Abenomics, la política económica japonesa

Suena a aldea gala en la que se lucha contra las legiones romanas, pero Abenomics no es, ni mucho menos, ficción y contra quien lucha es más bien contra la caída de precios, no contra ningún romano. Se ha dado este nombre a la política económica de Japón para hacer frente a la deflación, un proceso en el que lleva sumido más de veinte años. La deflación –la caída generalizada de los precios mientras la deuda sigue incrementándose- implica mayor pobreza, estancamiento económico, retroceso de la demanda interna… Una serie de problemas que han anclado al país nipón en un atolladero del que es muy difícil salir.

La palabra Abenomics responde a un juego de palabras con el apellido del Primer Ministro japonés Shinzo Abe y su política económica.

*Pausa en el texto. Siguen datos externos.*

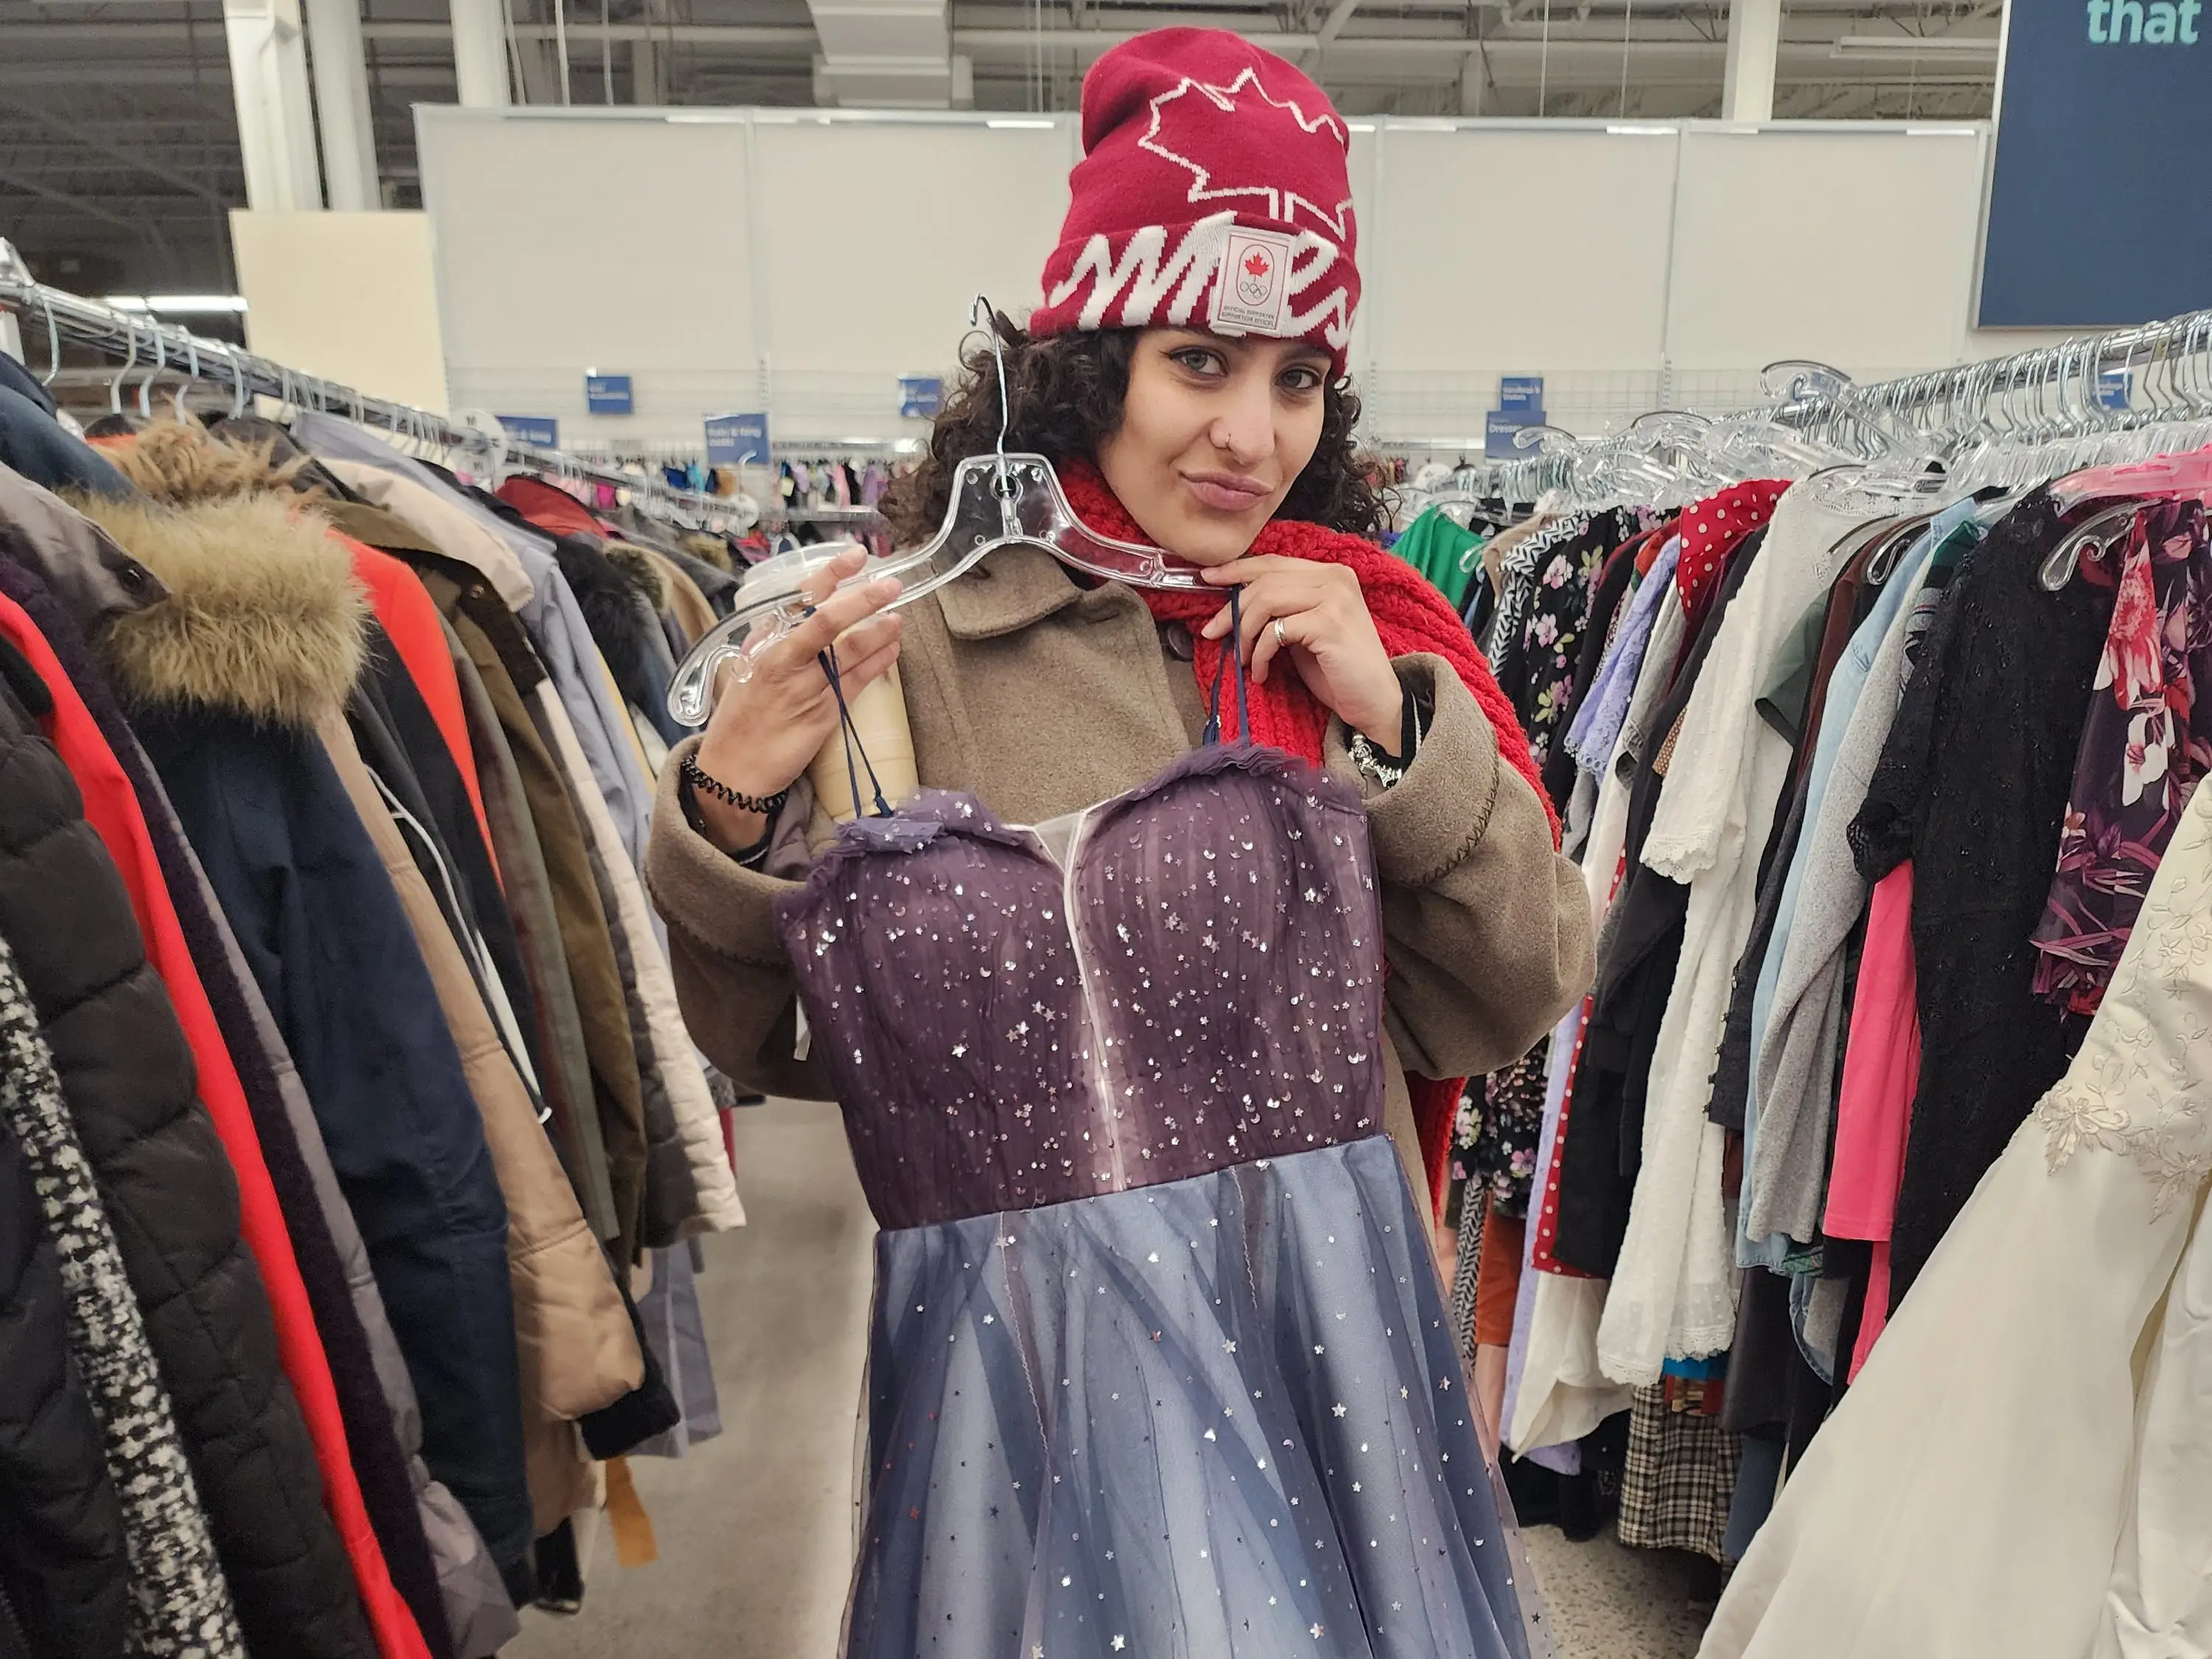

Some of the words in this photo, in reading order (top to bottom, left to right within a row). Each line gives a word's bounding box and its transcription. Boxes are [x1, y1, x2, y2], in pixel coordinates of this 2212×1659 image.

El mandatario ha puesto toda la carne en el asador y está inyectando liquidez en el mercado como no se había hecho hasta ahora para, según sus cálculos, alcanzar una inflación de dos puntos porcentuales en sólo un par de años. Es una de las medidas que hay que poner en marcha para hacer frente a la deflación, poner mucho dinero en circulación, darle a la máquina de fabricar papel moneda y que llegue al sistema. Sobre el papel, la previsión es la de inyectar hasta 70 billones de yenes. La otra receta –aunque ninguna es mágica- es la de bajar el precio del dinero. Los tipos de interés en Japón están casi a cero desde hace dos años, en niveles históricamente bajos para completar las pautas que marca la teoría que hay que ejecutar para hacer frente a la deflación.

De momento Japón mira con esperanza las políticas económicas de Abe, en agosto consiguió que su IPC repuntara un 0,8%. Es cierto que el dato puede tener segundas y terceras lecturas, hay que ver qué alimentos hicieron subir los precios y qué pasaría si se excluyera por ejemplo la luz que después del accidente de Fukusima ha subido más de ocho puntos porcentuales, pero es una cifra positiva y no se veía desde hacía un lustro.

Ahora lo que toca es analizar las consecuencias que pueden tener estas medidas extraordinarias aunque como su propio nombre indica son fuera de lo común. Nunca se habían aplicado políticas de inyección de liquidez a estos niveles, con lo que las consecuencias son impredecibles. Es evidente que si comienzan a subir los precios, tendrán que hacerlo también los sueldos porque si no, habremos desvestido a un santo para vestir a otro, como se dice popularmente. Si sube el IPC y no se incrementa el poder adquisitivo, los japoneses no van a poder comprar o comprarán menos. No hay que olvidar que más de la mitad del producto interior bruto japonés se apoya en el consumo.

Se ha dado un primer paso para hacer frente a la temida deflación, pero el camino que queda por delante es difícil sobre todo porque es desconocido. Después de 20 años Japón quiere dejar a sus fantasmas de lado, pero desde luego no va a ser una tarea sencilla.